Pentingnya Pendidikan Dalam Keluarga

Dipublikasikan tanggal 10 December 2010

Jakarta, 10 Desember 2010.

Kepada keluarga-keluarga kristiani

Se-Keuskupan Agung Jakarta

di tempat
                                                                                      
Salam damai dalam kasih Keluarga Kudus Yesus, Maria dan Yosep.

Perjumpaan kali ini saya awali dengan kutipan dari Kitab Hukum Kanonik mengenai perkawinan. Disana dikatakan,”Perjanjian (foedus) perkawinan, dengannya seorang laki-laki dan seorang perempuan membentuk antara mereka persekutuan (consortium) seluruh hidup, yang menurut ciri kodratinya terarah pada kesejahteraan suami-isteri (bonum coniugum) serta kelahiran dan pendidikan anak, antara orang-orang yang dibaptis, oleh Kristus Tuhan diangkat ke martabat sakramen” (KHK Kanon 1055).

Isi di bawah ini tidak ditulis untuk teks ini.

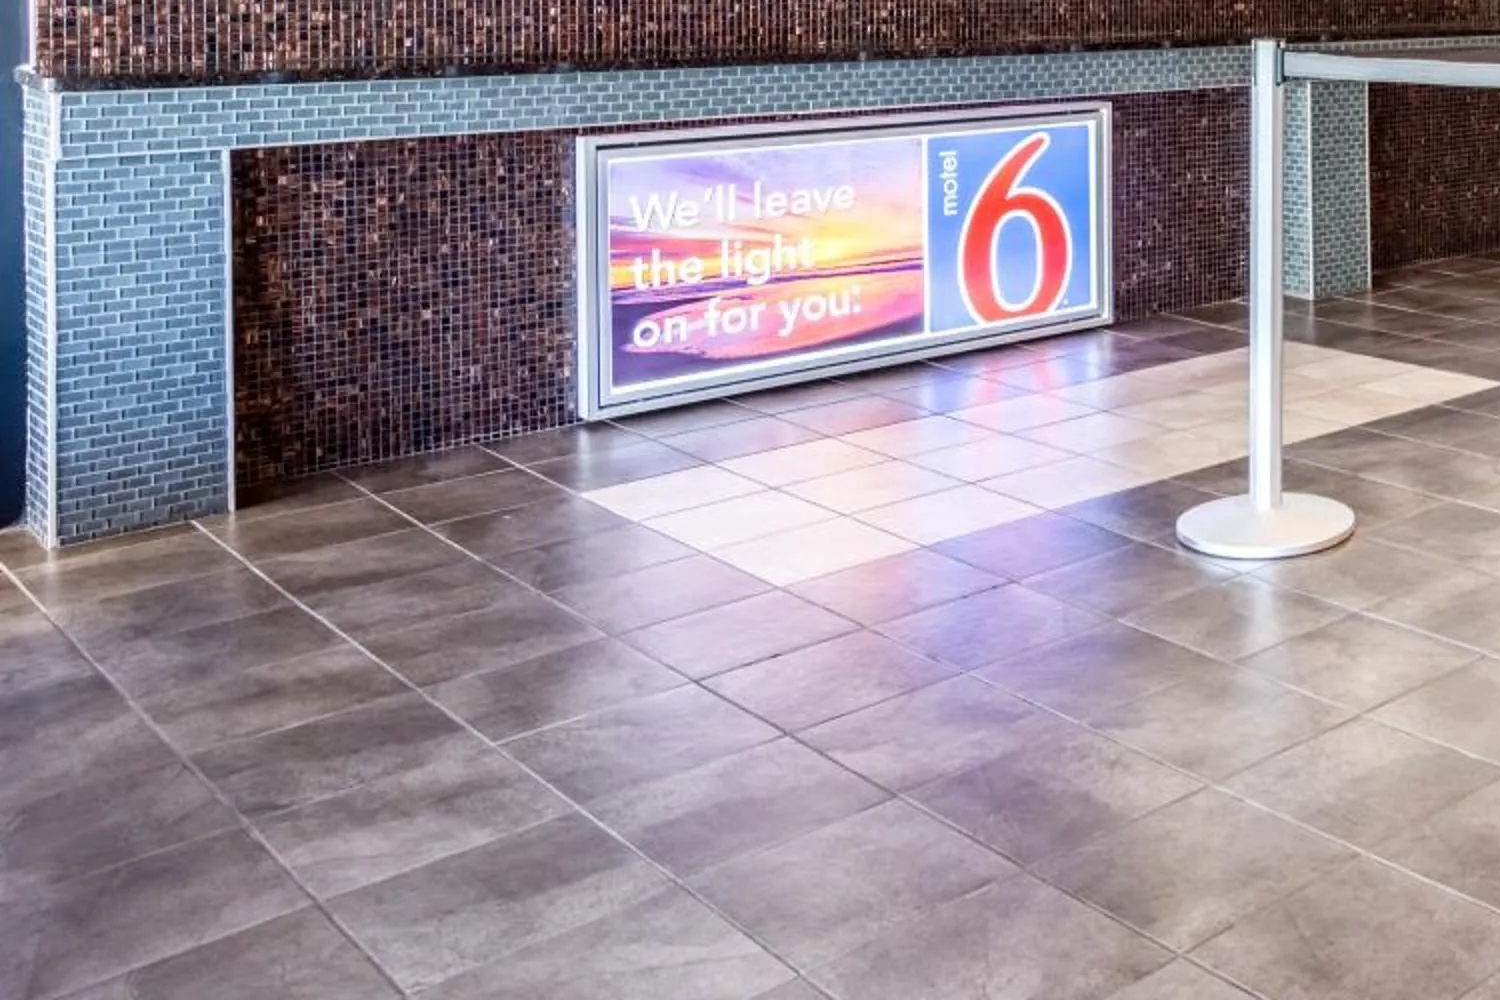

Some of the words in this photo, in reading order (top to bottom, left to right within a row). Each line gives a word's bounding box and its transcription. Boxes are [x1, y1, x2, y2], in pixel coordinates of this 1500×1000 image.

[628, 183, 737, 232] We'll
[754, 180, 856, 219] leave
[939, 150, 959, 217] motel
[957, 131, 1073, 325] 6
[630, 248, 705, 291] the
[720, 233, 816, 286] light
[632, 314, 689, 348] on
[703, 296, 768, 338] for

Ajaran Gereja mengenai arti, tujuan dan sakramentalitas perkawinan sebenarnya sangat jelas dalam kutipan diatas. Perkawinan diartikan sebagai sebuah perjanjian antara seorang laki-laki dan seorang perempuan untuk membentuk persekutuan seluruh hidup. Sebagaimana dalam sebuah perjanjian, segi personal sangat mendapat tekanan, demikian juga dalam perkawinan sebagai sebuah perjanjian.

Sedangkan terkait dengan tujuan sebuah perkawinan, sekurang-kurangnya disebutkan tiga tujuan pokok. Pertama, kesejahteraan suami-isteri. Kedua, kelahiran anak. Ketiga, pendidikan anak. Ini berarti, secara mendasar perkawinan terarah pada tercapainya kehidupan suami-isteri yang bahagia. Tetapi kebahagiaan suami-isteri tersebut mempunyai ciri terbuka bagi hadirnya anak di dalam kehidupan mereka. Dan setiap anak yang lahir mesti mendapat pendidikan yang memadai bagi pertumbuhan dan perkembangannya.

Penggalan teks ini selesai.